Speech Technology (Specialization Module)

  • Instructor: Timo Baumann
  • Summer term 2016
  • Wednesdays, 12-16 F-334
  • Description in Stine
  • this course will be taught in English unless all participants agree on a different language (most likely German)


  • course time will be split into lecture (50%) and seminar (50%);
    additional time will be required for practical Labs (in groups) and self-study (see below for details)
  • grading is based on active participation, Lab poster presentation, seminar presentation, seminar paper, and oral exam (see below for details)

Learning Outcomes

The learning outcomes consist of three building blocks:
  1. learning to work in a scholarly manner,
  2. learning about speech & language processing, and
  3. aquiring skills on using and evaluating NLP/speech software:
  • students have an overview of the speech technology field: tasks, challenges, foundational techniques
  • students are able to analyze and classify central problems of speech processing and are able to deliberate about solutions and their alternatives
    • levels of competency: knowledge, understanding
  • students are able to explain and discuss selected aspects of speech processing in detail and to illustrate their consequences for applications
    • levels of competency: knowledge, understanding, application, analysis, valuation
  • in group projects, students have developed skills in using and experimenting with existing speech technology and the corresponding evaluation methodology
    • levels of competency: understand, apply, valuate, present
    • competencies: theoretical understanding, practical skills, teamwork and collaboration
  • students are able to reflect on their scholarly behaviour
  • students are able to autonomously study specialization areas that are similar to speech technology (in AI, CS, or linguistics), find and digest relevant scientific literature and discuss findings and further questions with colleagues

Commented collection of possible topics/questions for the oral exam.
comments on the community of practice in speech processing.

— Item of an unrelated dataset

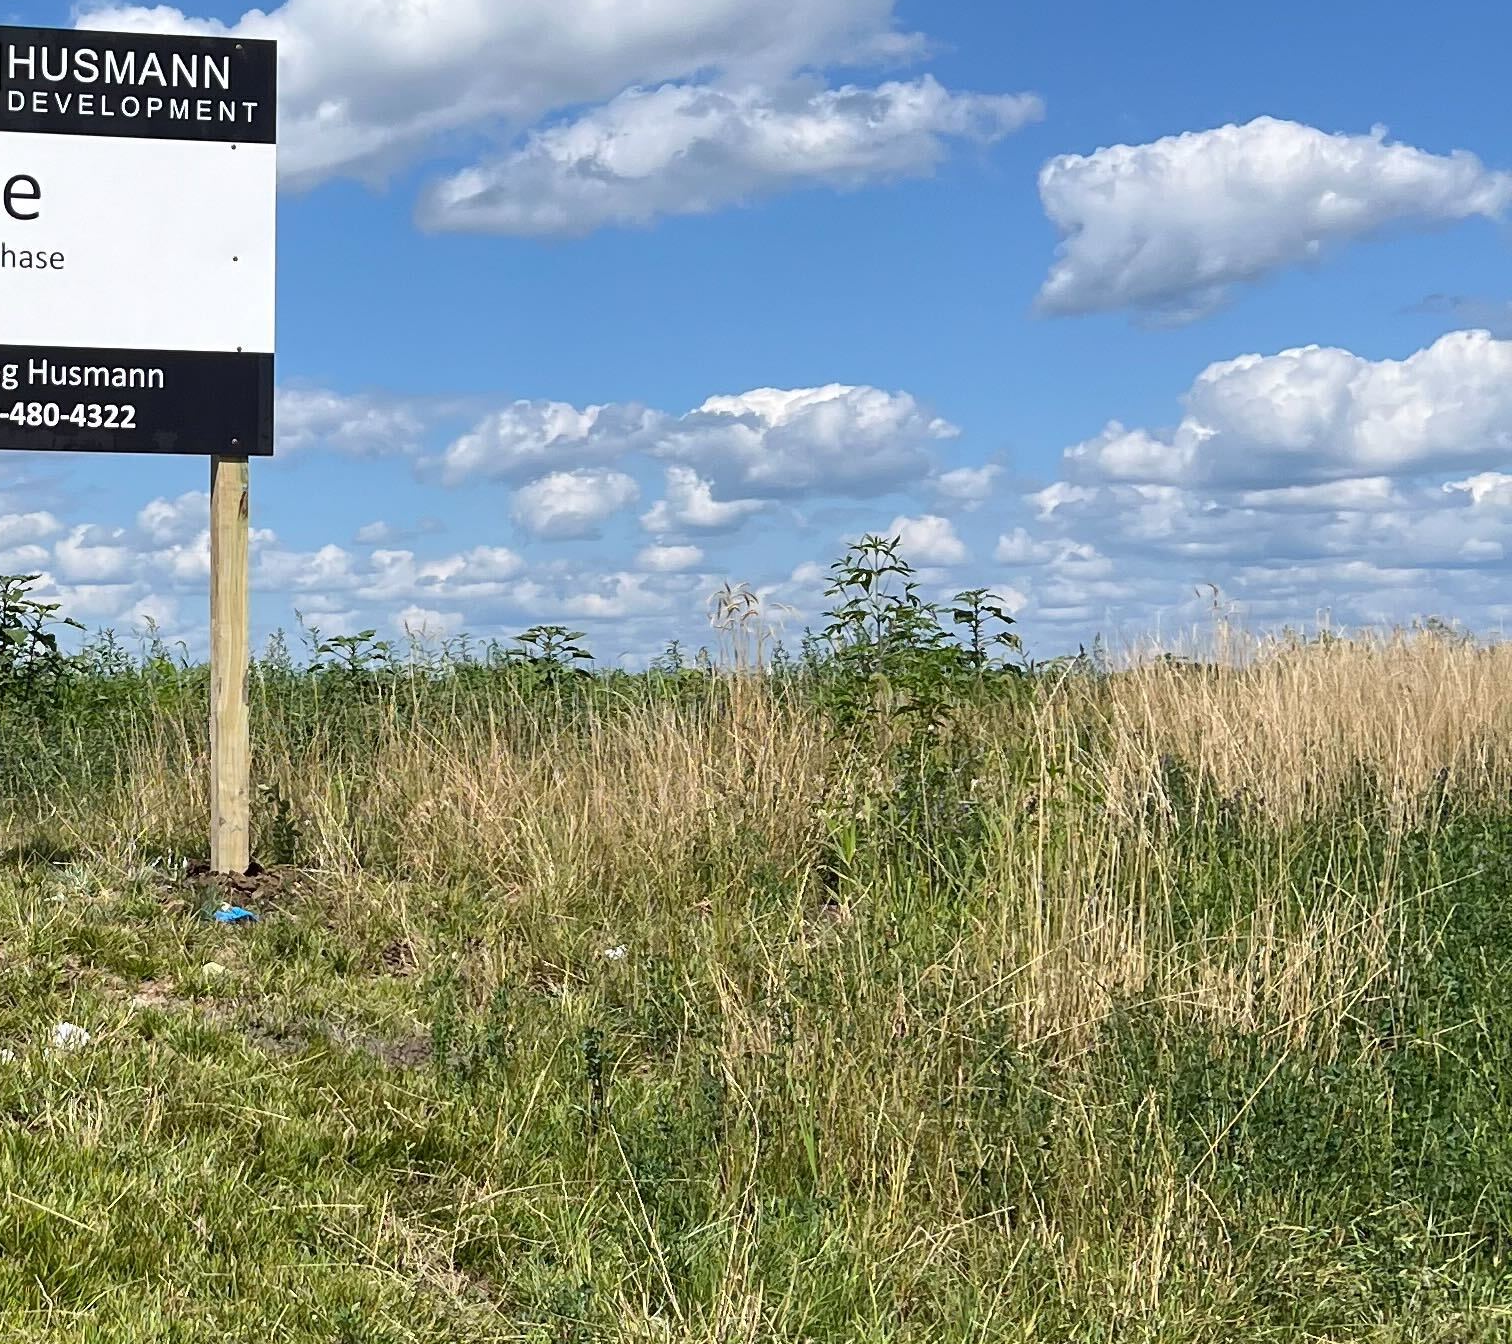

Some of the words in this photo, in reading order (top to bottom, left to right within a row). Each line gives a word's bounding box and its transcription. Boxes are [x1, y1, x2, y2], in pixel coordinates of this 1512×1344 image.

[8, 44, 230, 90] HUSMANN
[8, 90, 258, 123] DEVELOPMENT
[28, 358, 164, 389] Husmann

See also: isca-speech.org, aclweb.org, sigdial.org, ...

Expected Workload

  • 6 credit points (LP) -> expected workload ~150-180h
  • active participation in the course and exam: 13×3.5h+.5h=46h
  • preparation and post-processing of course topic: 14×1h=14h
  • practical work in lab groups:
    • learning to use the chosen application, understanding the application domain: 15h
    • coordination in the group: 5h
    • jointly propose experiments in the chosen domain, hypothesize outcomes: 5h
    • perform and document experiments: 15h
    • jointly design poster+presentation of domain, application, experiments and results: 5h
  • development of the chosen seminar topic incl. literature research: 15h
  • preparation of the seminar talk: 15h
  • writing the term paper (incl. revisions): 15h
  • peer review of 2 other term papers: 5h
  • preparation for the oral exam: 20h


# date part1 12-14 part2 14-16
1. 2016-04-06 S description of the specilization module
L layered communication
slides, discussion notes; presentation of Lab choices → please see lab topics below!
2. 2016-04-13 L spoken dialogue systems as examples of modular complex systems
preliminary slides, discussion notes
S presentation of seminar topics
3. 2016-04-20 L acoustic phonetics
preliminary slides
L speech synthesis I
preliminary slides, discussion notes
4. 2016-04-27 L speech parametrization and the source-filter model
preliminary slides
L speech recognition I
preliminary slides
5. 2016-05-04 L pronunciation and language modelling
preliminary slides
L speech recognition II
preliminary slides
6. 2016-05-11 L speech synthesis II
preliminary slides
L realtime behaviour with incremental processing
preliminary slides
-- 2016-05-18 half-term break / study period
7. 2016-05-25 S reading assignment (Timo not present); time for Lab group discussions
8. 2016-06-01 seminar talks and discussion Benedikt, Khooshal, Bente, Phil, Julian, Liisa
9. 2016-06-08 seminar talks and discussion Ibrahim, Tim, Ahmed, Katinka, Konstantin, Cuong
10. 2016-06-15 seminar talks and discussion Erik, Max, Morteza, Waleed, Chi
11. 2016-06-22 seminar talks and discussion Abtin, Yiming, Nam, Sebastian, Quan, Thomas, Kolja
12. 2016-06-29 S Wrap-up/interrelation of the individual talks S how to write a term paper
13. 2016-07-06 Lab group poster presentations and discussion
14. 2016-07-13 S discussion of term paper outline L closing remarks, wrap up

  • submission of Lab experiment proposal: 13. May
  • due date for Lab experiment poster: 4. July
  • submission of the term paper draft: 28. August
  • review phase: 1.-20. September (your review needs to be in my Inbox by 16.20. September)
  • submission of the final term paper: 30. September 10. October17. October (due to delays in the reviewing process)
  • exam dates: 18./19. July, 27./28. September, 11. October

Seminar topics

When your topic largely consists of material from a textbook chapter or a referenced article belwo, then you are still required to search and find other articles/papers on the topic, to describe this related work, and to pick one for description and discussion in your term paper! Please send me the results of your literature search and the finalisation of your topic by the 22. April so that I can comment on it (probably within a week) and coordinate topics into presentation groups.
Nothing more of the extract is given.